### AVAILABLE DATA:

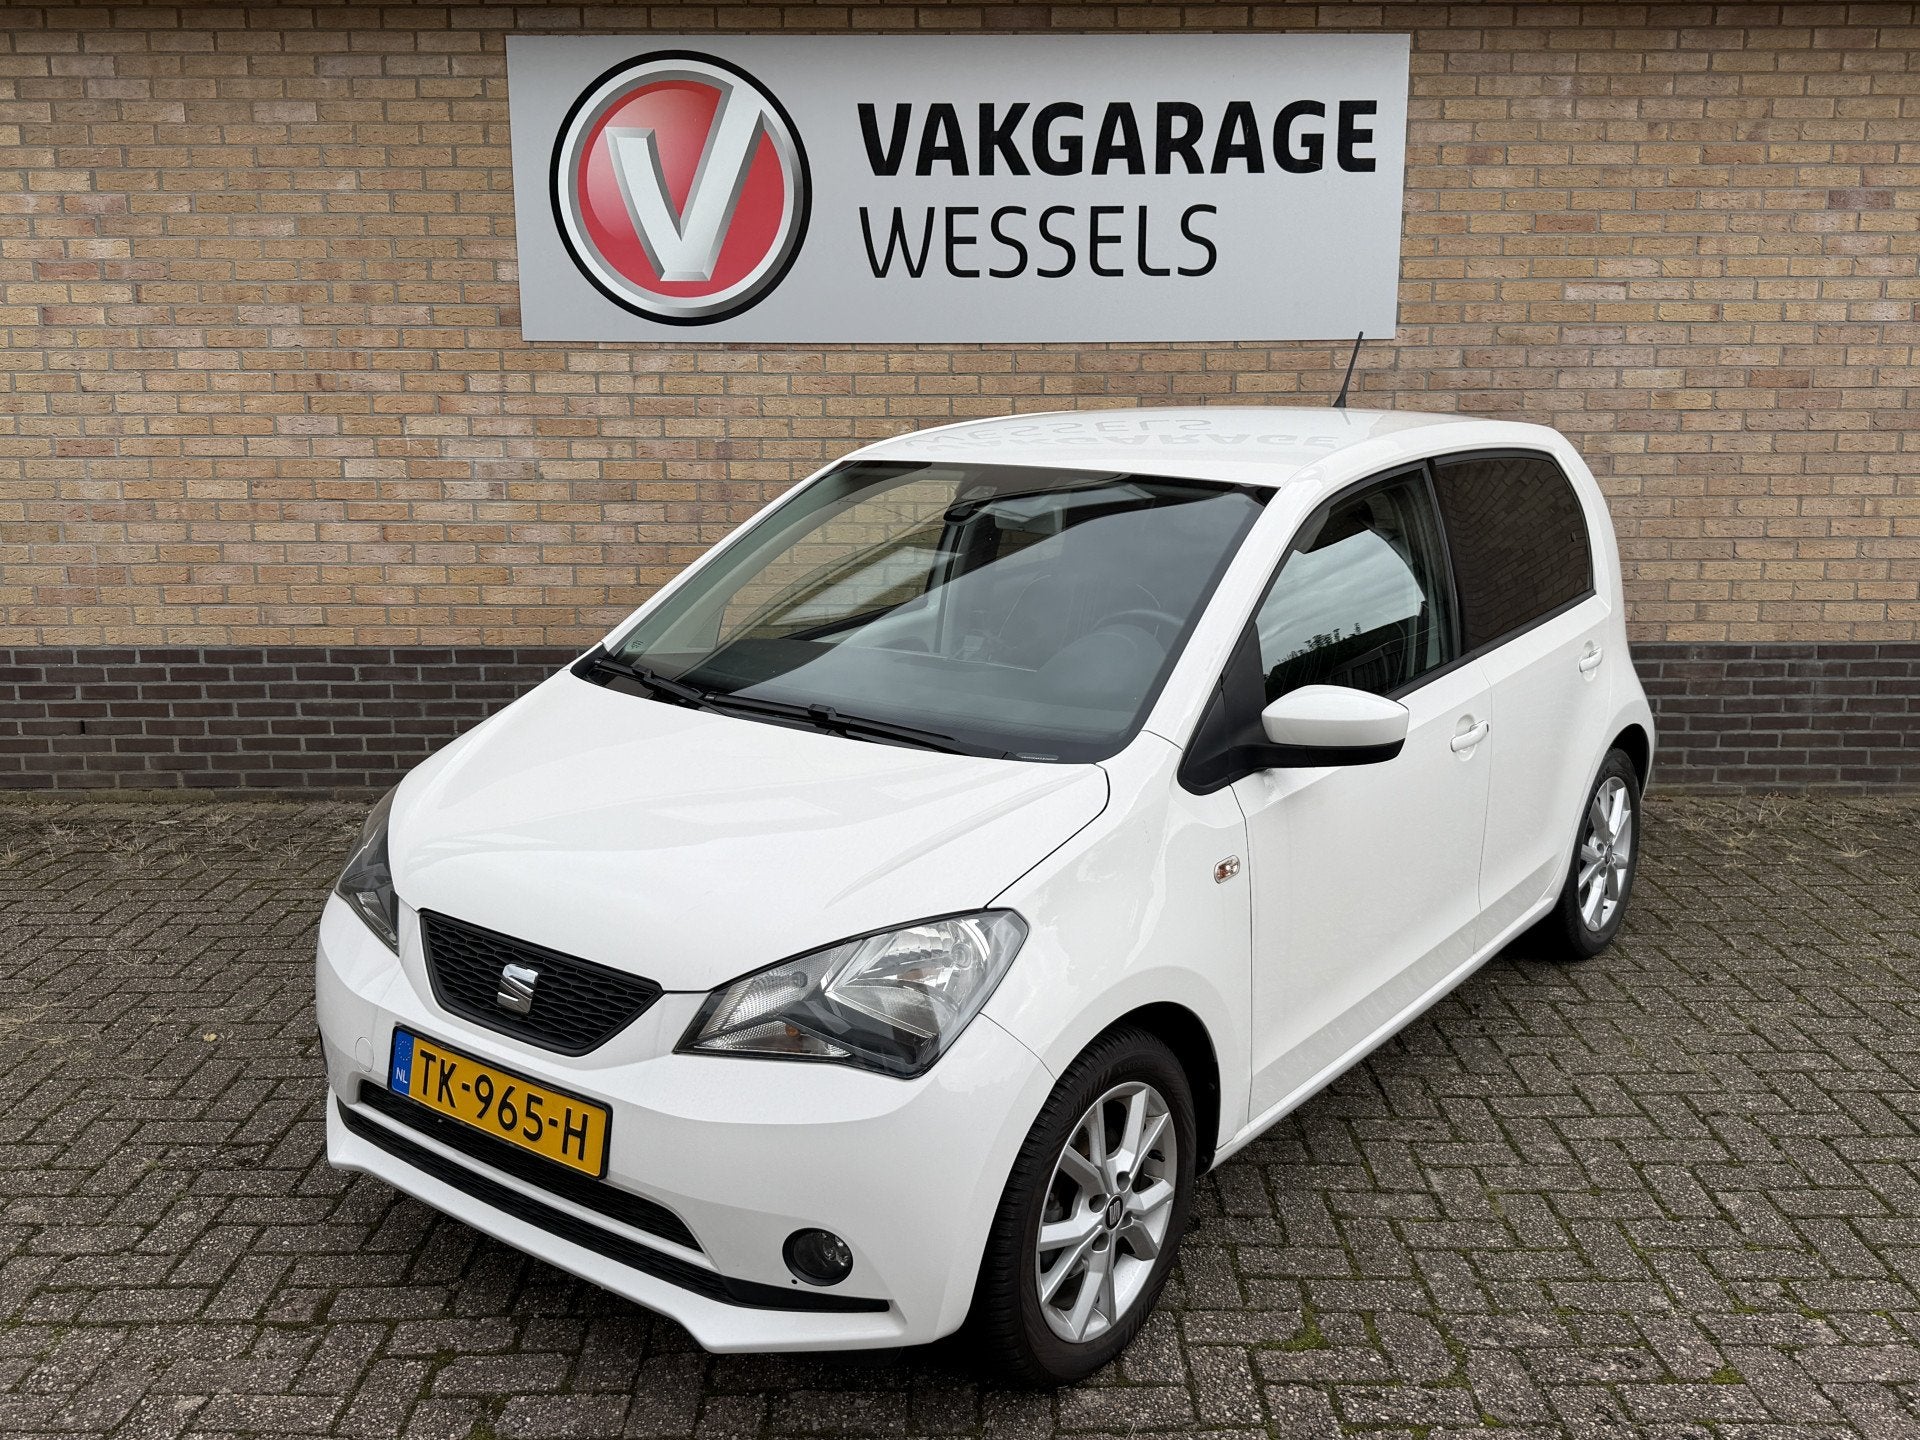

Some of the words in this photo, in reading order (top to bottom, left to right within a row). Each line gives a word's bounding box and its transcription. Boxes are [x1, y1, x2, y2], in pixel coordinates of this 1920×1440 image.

[857, 99, 1378, 176] VAKGARAGE
[858, 203, 1218, 278] WESSELS
[395, 1066, 408, 1084] NL
[420, 1048, 589, 1161] TK-965-H
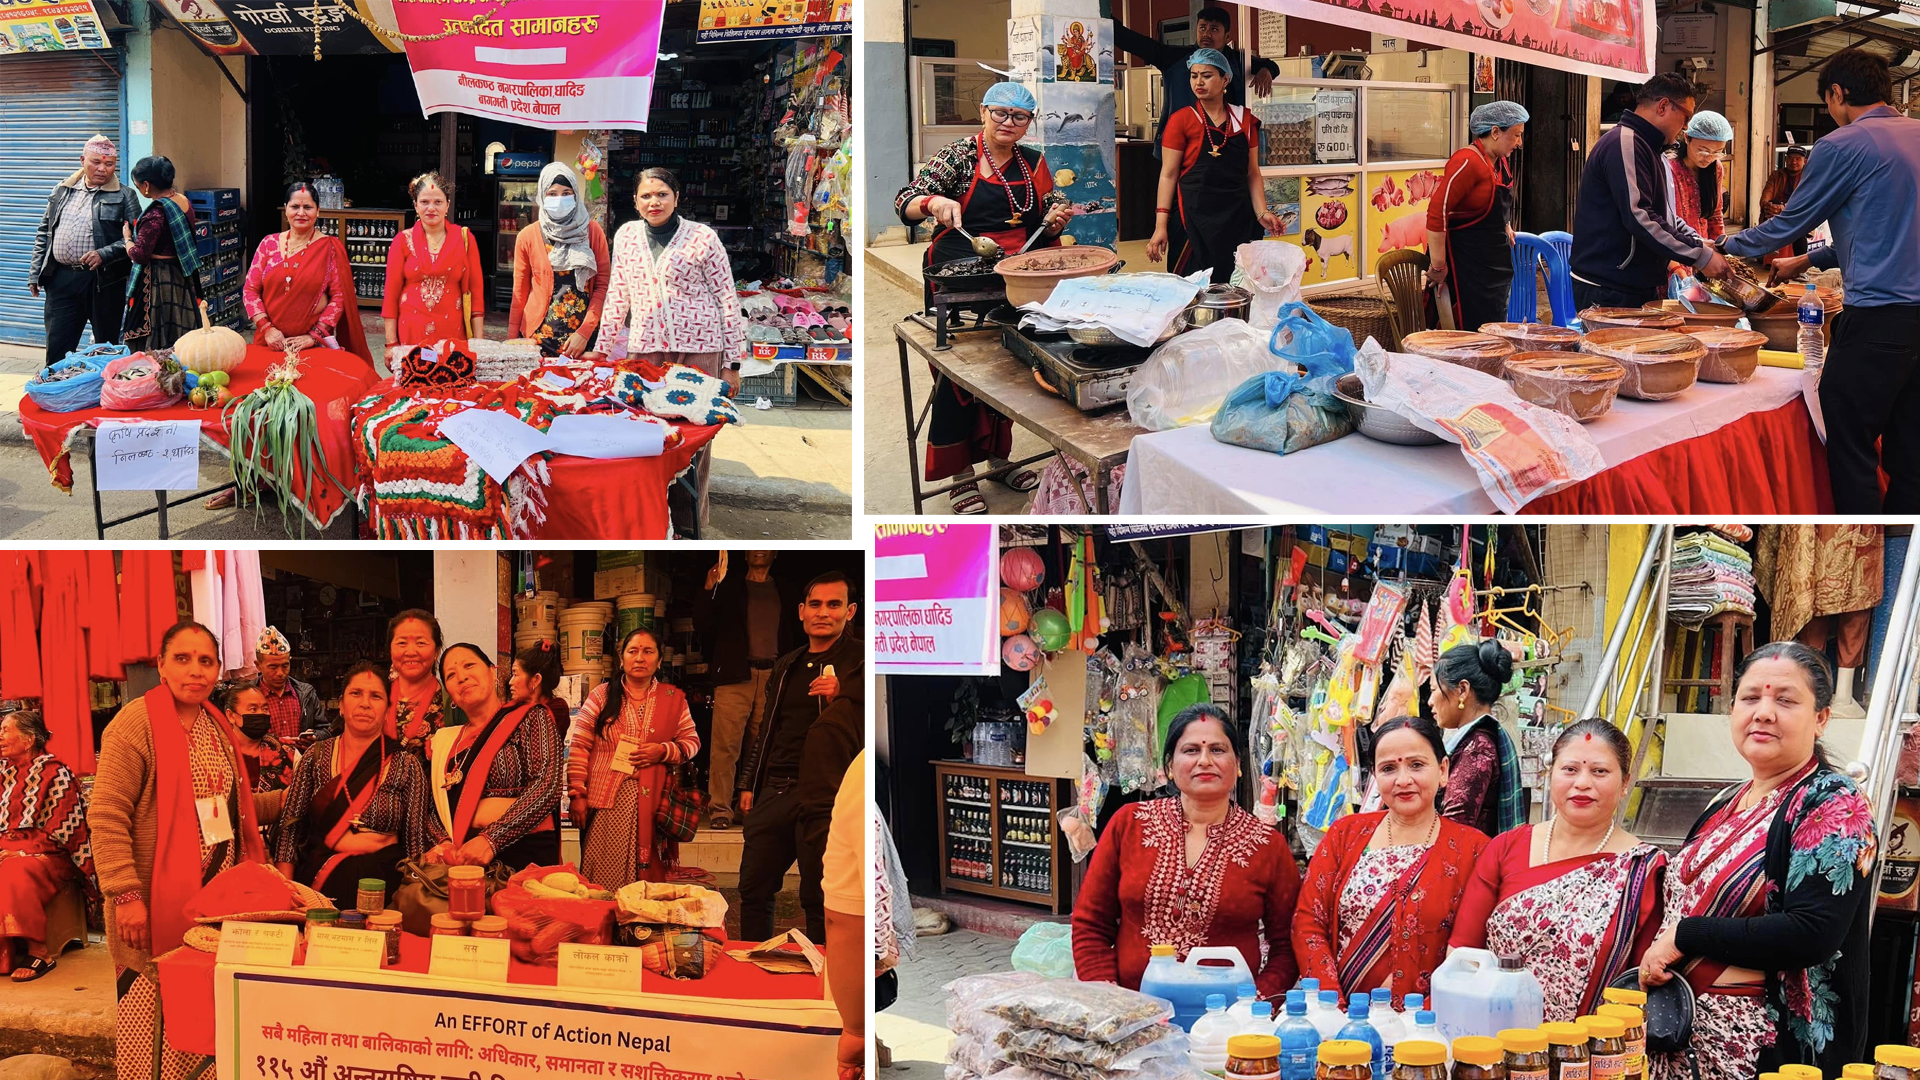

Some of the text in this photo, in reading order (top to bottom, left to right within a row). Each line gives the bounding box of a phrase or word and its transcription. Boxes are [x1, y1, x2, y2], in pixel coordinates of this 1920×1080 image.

[233, 2, 293, 25] गोर्खा
[264, 26, 302, 34] GORKHA
[458, 74, 495, 92] नीलकण्ठ
[478, 94, 509, 110] बागमती
[514, 160, 541, 169] pepsi
[223, 208, 237, 216] PEPSI
[225, 237, 238, 246] PEPSI
[758, 348, 771, 356] RK
[811, 352, 827, 360] RK
[463, 944, 479, 954] सस
[573, 949, 600, 962] लोकल
[435, 1012, 671, 1054] An EFFORT of Action Nepal
[261, 1022, 284, 1040] सबै
[287, 1024, 328, 1047] महिला
[331, 1032, 359, 1049] तथा
[362, 1032, 433, 1056] बालिकाको
[435, 1038, 473, 1060] लागि:
[545, 1055, 605, 1076] समानता
[608, 1062, 618, 1077] र
[256, 1055, 294, 1080] ११५
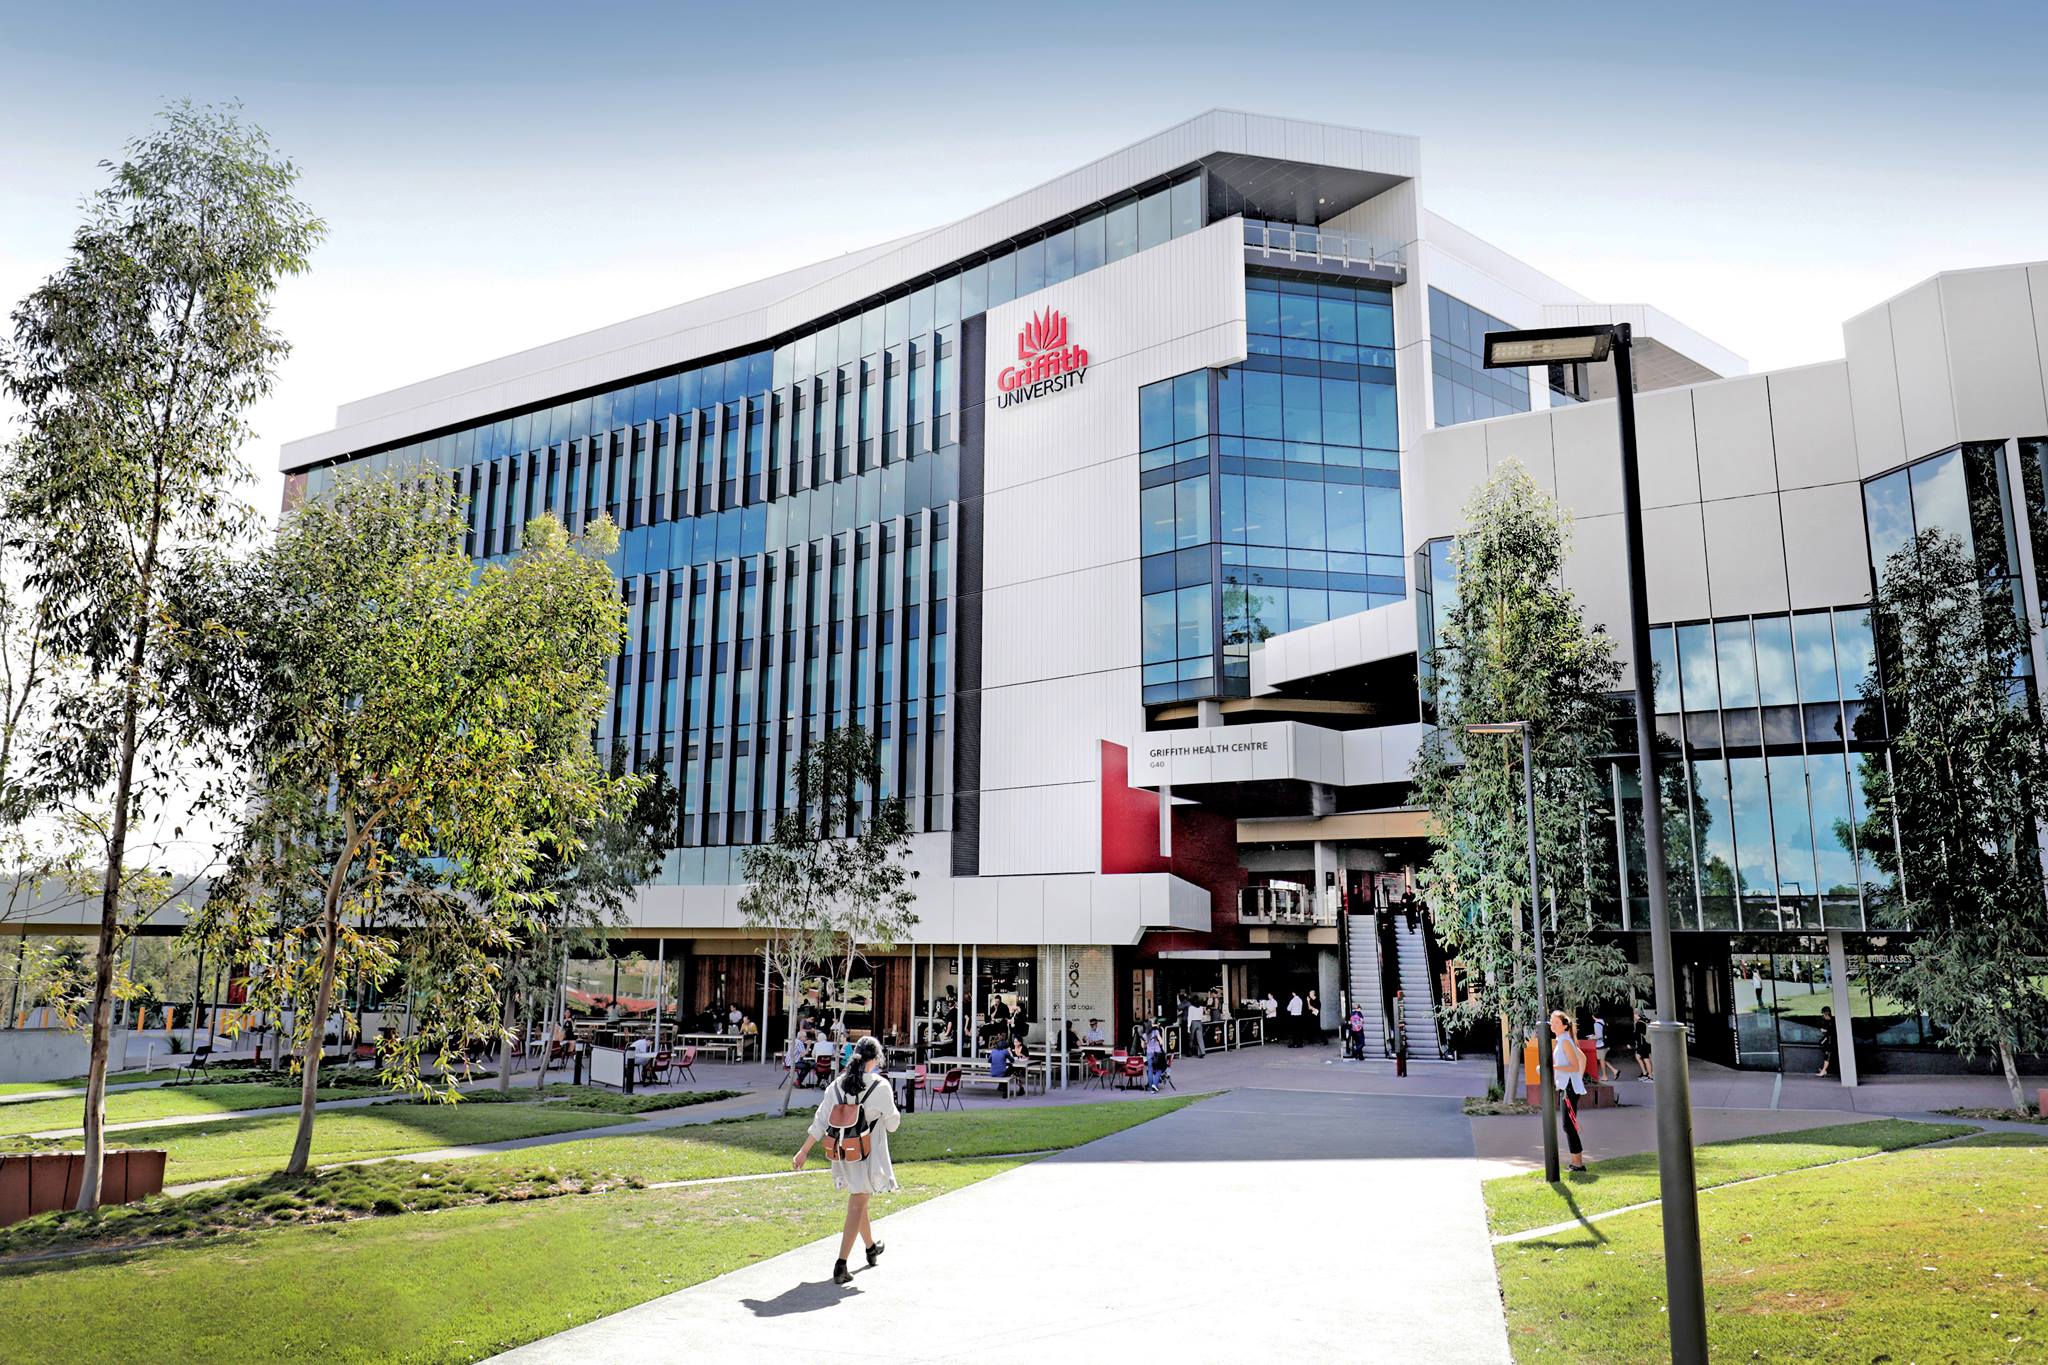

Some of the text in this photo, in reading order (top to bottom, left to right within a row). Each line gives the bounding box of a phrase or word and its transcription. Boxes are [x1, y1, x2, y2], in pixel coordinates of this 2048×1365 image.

### EXERCISE:
Print all the material above exactly, and drop the images.

### RESPONSE FOR THIS EXERCISE:
Some of the words in this photo, in reading order (top to bottom, left to right within a row). Each line gives a word's bounding box and its transcription. Boxes are [x1, y1, x2, y2], in pixel coordinates of this 1920×1440 image.

[857, 99, 1378, 176] VAKGARAGE
[858, 203, 1218, 278] WESSELS
[395, 1066, 408, 1084] NL
[420, 1048, 589, 1161] TK-965-H

Some of the text in this photo, in reading order (top to bottom, left to right within a row). Each line gives the bounding box of a phrase or word and its transcription. Boxes are [x1, y1, x2, y2], in pixel coordinates of this 1920×1080 image.

[233, 2, 293, 25] गोर्खा
[264, 26, 302, 34] GORKHA
[458, 74, 495, 92] नीलकण्ठ
[478, 94, 509, 110] बागमती
[514, 160, 541, 169] pepsi
[223, 208, 237, 216] PEPSI
[225, 237, 238, 246] PEPSI
[758, 348, 771, 356] RK
[811, 352, 827, 360] RK
[463, 944, 479, 954] सस
[573, 949, 600, 962] लोकल
[435, 1012, 671, 1054] An EFFORT of Action Nepal
[261, 1022, 284, 1040] सबै
[287, 1024, 328, 1047] महिला
[331, 1032, 359, 1049] तथा
[362, 1032, 433, 1056] बालिकाको
[435, 1038, 473, 1060] लागि:
[545, 1055, 605, 1076] समानता
[608, 1062, 618, 1077] र
[256, 1055, 294, 1080] ११५

Some of the text in this photo, in reading order (top to bottom, left to right within a row). Each line gives the bounding box of a phrase or word and its transcription. Boxes are [x1, y1, x2, y2], in pixel coordinates of this 2048×1365 image.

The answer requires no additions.